Showing posts with label babies. Show all posts
Showing posts with label babies. Show all posts

Wednesday, December 9, 2009

What I Don't Want to Share

So if you know who I am and you happen to read this, mum’s the word.

I am alone on my birthday.  Up until 5 p.m., I had plans. But then I lied and said I had to work late. My phone is turned off and my friend Jonathan has called me three times wanting to talk. He has no idea it's my birthday and no idea that I don't answer the phone even on regular days.

This is the first time I’ve ever been alone on my birthday, and I hope never to repeat it again because I don’t ever want to be in the same place as I’m in right now.

This is what mourning feels like.

To badly quote something I read in the New York Times, there is no emoticon that could convey what life has been like this year. It has been one loss after another. But I always come back to this.

During my somewhat miserable childhood, after one or two of those incidents that involved my crazy family, I remember striking deals with God (that seems like the wrong thing to say – I don’t think I ever believed in God) – “okay, I’ll do it, but no more after this” or telling myself that whatever the bad thing was had to be the absolute last bad thing that could happen because life wouldn’t be fair otherwise.
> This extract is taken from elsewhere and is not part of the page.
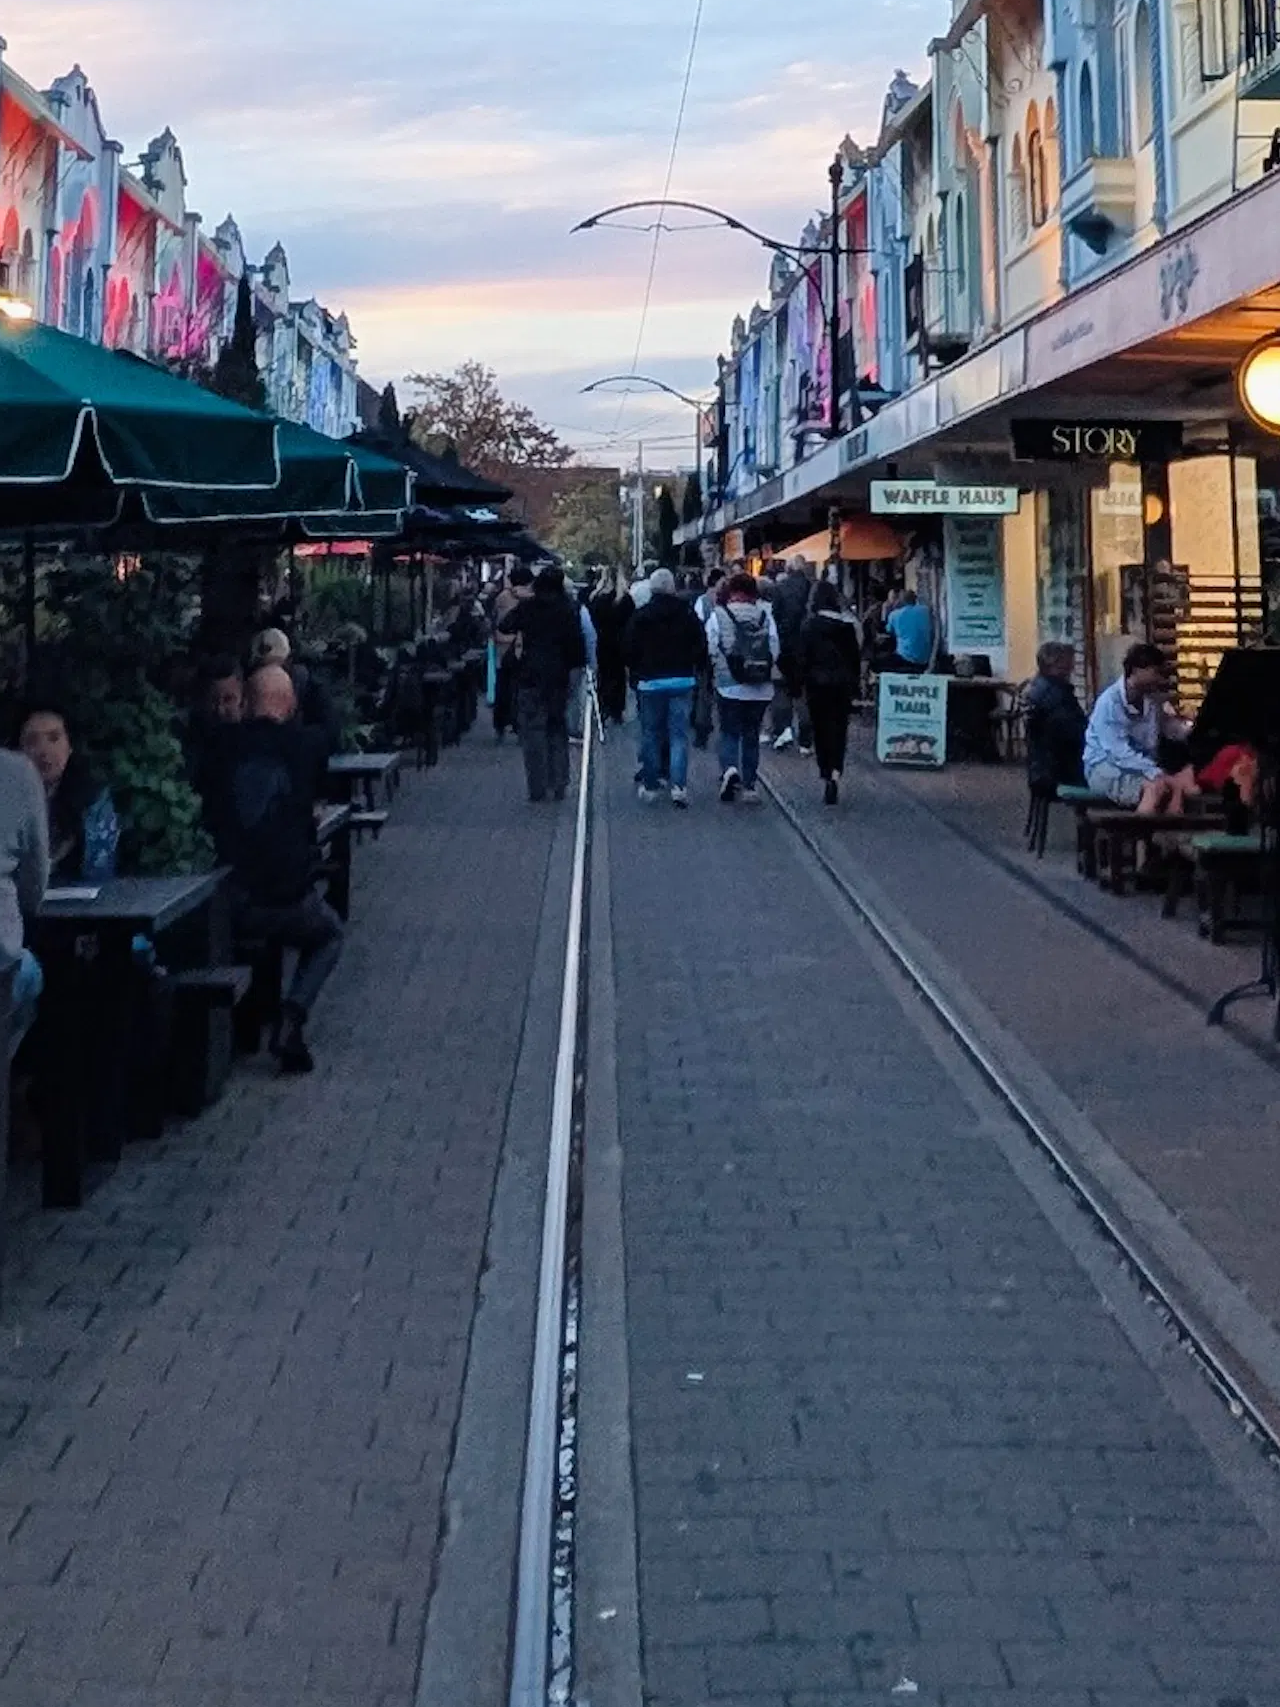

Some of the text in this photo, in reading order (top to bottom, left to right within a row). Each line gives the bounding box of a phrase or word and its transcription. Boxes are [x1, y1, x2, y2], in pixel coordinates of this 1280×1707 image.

What I have learned is that life, with all the moments of happy and wretchedness, is quite indifferent to us humans.

My shrink asked me why I wanted to do be alone and I didn’t have an answer at the time.  Now I do – it is because I want to look at myself. No liquor, no friends, no exes, no family.

I’ll never know why I didn’t keep my baby. All the rational thoughts that led to that decision could be written down, but right next to that column, would be just as many reasons for keeping it.

I wanted that baby.  It’s hard for me to admit that even now because it makes me wonder how I could have done it. I do know that I want any child of mine to have better childhood than I did, and at the time, I didn’t think I could provide. I wanted to be fair.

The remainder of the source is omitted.